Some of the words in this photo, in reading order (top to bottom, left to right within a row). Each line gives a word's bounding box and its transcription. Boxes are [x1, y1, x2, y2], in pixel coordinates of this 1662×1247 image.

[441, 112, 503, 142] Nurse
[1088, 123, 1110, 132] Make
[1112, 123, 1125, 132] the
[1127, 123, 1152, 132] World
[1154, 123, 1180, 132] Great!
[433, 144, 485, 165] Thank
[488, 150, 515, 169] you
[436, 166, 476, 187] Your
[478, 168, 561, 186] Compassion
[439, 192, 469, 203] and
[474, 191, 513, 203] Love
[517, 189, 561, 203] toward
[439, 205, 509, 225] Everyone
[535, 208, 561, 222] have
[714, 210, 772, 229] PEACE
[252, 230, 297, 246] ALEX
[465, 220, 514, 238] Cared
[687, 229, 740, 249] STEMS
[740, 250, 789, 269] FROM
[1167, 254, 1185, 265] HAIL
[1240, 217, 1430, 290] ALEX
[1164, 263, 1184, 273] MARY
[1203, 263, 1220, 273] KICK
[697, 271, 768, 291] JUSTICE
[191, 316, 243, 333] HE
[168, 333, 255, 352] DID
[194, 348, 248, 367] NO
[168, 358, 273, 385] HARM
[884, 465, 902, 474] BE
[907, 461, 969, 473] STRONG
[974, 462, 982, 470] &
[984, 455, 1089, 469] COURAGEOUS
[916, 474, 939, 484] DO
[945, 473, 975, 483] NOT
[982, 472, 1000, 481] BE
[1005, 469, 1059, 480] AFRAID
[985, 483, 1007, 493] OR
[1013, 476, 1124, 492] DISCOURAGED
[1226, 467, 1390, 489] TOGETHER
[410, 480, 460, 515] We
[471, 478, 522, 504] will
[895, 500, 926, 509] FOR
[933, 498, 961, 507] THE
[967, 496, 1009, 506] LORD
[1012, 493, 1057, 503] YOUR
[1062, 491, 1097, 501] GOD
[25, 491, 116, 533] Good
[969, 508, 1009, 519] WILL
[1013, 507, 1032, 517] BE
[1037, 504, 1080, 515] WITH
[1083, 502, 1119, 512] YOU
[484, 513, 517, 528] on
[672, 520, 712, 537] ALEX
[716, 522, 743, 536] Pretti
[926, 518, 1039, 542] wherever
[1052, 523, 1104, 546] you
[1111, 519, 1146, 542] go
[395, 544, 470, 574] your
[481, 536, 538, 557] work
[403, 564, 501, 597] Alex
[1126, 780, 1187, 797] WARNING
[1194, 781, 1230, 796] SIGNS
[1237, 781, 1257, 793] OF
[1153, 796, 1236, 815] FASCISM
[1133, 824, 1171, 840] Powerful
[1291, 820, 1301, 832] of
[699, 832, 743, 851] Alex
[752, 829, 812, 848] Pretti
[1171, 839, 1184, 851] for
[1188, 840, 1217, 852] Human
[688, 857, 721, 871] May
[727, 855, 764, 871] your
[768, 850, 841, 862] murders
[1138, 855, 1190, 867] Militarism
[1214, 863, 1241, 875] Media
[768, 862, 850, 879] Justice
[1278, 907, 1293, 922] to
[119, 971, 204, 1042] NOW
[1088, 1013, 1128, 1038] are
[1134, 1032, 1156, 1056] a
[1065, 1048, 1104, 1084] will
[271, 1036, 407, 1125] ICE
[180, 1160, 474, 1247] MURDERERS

★ ★ ★

- **Instructions to follow**:
Reproduce the listing exactly. Every line stays as it is.

- **Response to the exercise**:
Some of the words in this photo, in reading order (top to bottom, left to right within a row). Each line gives a word's bounding box and its transcription. Boxes are [x1, y1, x2, y2], in pixel coordinates of this 1662×1247 image.

[441, 112, 503, 142] Nurse
[1088, 123, 1110, 132] Make
[1112, 123, 1125, 132] the
[1127, 123, 1152, 132] World
[1154, 123, 1180, 132] Great!
[433, 144, 485, 165] Thank
[488, 150, 515, 169] you
[436, 166, 476, 187] Your
[478, 168, 561, 186] Compassion
[439, 192, 469, 203] and
[474, 191, 513, 203] Love
[517, 189, 561, 203] toward
[439, 205, 509, 225] Everyone
[535, 208, 561, 222] have
[714, 210, 772, 229] PEACE
[252, 230, 297, 246] ALEX
[465, 220, 514, 238] Cared
[687, 229, 740, 249] STEMS
[740, 250, 789, 269] FROM
[1167, 254, 1185, 265] HAIL
[1240, 217, 1430, 290] ALEX
[1164, 263, 1184, 273] MARY
[1203, 263, 1220, 273] KICK
[697, 271, 768, 291] JUSTICE
[191, 316, 243, 333] HE
[168, 333, 255, 352] DID
[194, 348, 248, 367] NO
[168, 358, 273, 385] HARM
[884, 465, 902, 474] BE
[907, 461, 969, 473] STRONG
[974, 462, 982, 470] &
[984, 455, 1089, 469] COURAGEOUS
[916, 474, 939, 484] DO
[945, 473, 975, 483] NOT
[982, 472, 1000, 481] BE
[1005, 469, 1059, 480] AFRAID
[985, 483, 1007, 493] OR
[1013, 476, 1124, 492] DISCOURAGED
[1226, 467, 1390, 489] TOGETHER
[410, 480, 460, 515] We
[471, 478, 522, 504] will
[895, 500, 926, 509] FOR
[933, 498, 961, 507] THE
[967, 496, 1009, 506] LORD
[1012, 493, 1057, 503] YOUR
[1062, 491, 1097, 501] GOD
[25, 491, 116, 533] Good
[969, 508, 1009, 519] WILL
[1013, 507, 1032, 517] BE
[1037, 504, 1080, 515] WITH
[1083, 502, 1119, 512] YOU
[484, 513, 517, 528] on
[672, 520, 712, 537] ALEX
[716, 522, 743, 536] Pretti
[926, 518, 1039, 542] wherever
[1052, 523, 1104, 546] you
[1111, 519, 1146, 542] go
[395, 544, 470, 574] your
[481, 536, 538, 557] work
[403, 564, 501, 597] Alex
[1126, 780, 1187, 797] WARNING
[1194, 781, 1230, 796] SIGNS
[1237, 781, 1257, 793] OF
[1153, 796, 1236, 815] FASCISM
[1133, 824, 1171, 840] Powerful
[1291, 820, 1301, 832] of
[699, 832, 743, 851] Alex
[752, 829, 812, 848] Pretti
[1171, 839, 1184, 851] for
[1188, 840, 1217, 852] Human
[688, 857, 721, 871] May
[727, 855, 764, 871] your
[768, 850, 841, 862] murders
[1138, 855, 1190, 867] Militarism
[1214, 863, 1241, 875] Media
[768, 862, 850, 879] Justice
[1278, 907, 1293, 922] to
[119, 971, 204, 1042] NOW
[1088, 1013, 1128, 1038] are
[1134, 1032, 1156, 1056] a
[1065, 1048, 1104, 1084] will
[271, 1036, 407, 1125] ICE
[180, 1160, 474, 1247] MURDERERS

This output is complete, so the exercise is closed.